On 19 October 2016, Rajinikanth who watched the special screening of the film, praised Sivakarthikeyan for his effort. In the end of 2016, the film was featured in the most searched word in Google, across Tamil Nadu, one of the few Indian films to feature in this list.

A Chennai-based startup company led by Sakthivel Panneerselvam and team, recreated a huge set based on a scene where Sivakarthikeyan proposes to Keerthy Suresh, for a wedding purposal.
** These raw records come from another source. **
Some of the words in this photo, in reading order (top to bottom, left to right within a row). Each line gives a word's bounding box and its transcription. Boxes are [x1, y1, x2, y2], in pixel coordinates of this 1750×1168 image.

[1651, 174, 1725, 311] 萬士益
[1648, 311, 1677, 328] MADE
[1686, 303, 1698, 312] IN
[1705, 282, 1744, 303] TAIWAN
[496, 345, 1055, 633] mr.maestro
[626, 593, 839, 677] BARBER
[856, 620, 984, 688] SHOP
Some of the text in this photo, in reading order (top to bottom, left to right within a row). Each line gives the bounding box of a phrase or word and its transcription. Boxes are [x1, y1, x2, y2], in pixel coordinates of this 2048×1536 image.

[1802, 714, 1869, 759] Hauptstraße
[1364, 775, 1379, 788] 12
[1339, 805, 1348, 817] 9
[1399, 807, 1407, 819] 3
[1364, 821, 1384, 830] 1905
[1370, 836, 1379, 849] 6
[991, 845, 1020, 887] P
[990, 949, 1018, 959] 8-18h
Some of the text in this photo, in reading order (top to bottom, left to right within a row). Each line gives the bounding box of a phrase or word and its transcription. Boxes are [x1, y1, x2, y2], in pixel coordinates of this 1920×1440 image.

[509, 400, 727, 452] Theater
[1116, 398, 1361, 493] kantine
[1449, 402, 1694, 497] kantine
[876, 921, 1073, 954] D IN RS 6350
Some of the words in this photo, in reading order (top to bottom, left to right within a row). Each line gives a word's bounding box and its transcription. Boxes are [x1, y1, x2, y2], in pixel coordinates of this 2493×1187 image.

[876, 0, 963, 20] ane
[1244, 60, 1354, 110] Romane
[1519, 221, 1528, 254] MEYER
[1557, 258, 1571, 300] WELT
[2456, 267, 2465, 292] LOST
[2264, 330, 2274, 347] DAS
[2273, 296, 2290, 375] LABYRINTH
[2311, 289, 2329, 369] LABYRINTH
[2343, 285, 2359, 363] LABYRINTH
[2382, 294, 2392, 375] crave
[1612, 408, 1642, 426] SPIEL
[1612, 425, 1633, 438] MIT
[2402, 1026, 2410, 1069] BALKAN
Sakthivel stated that "Once we recreated an entire set based on the film for a client. He wanted to propose to his long-time partner and they loved the film. So we arranged for everything, from fire crackers to the elaborate fairy lights. The in-house team of 5 along with our freelancers meticulously planned and designed the sets and the results were fabulous." This scene was parodied in the spoof film Tamizh Padam 2.0 (2018).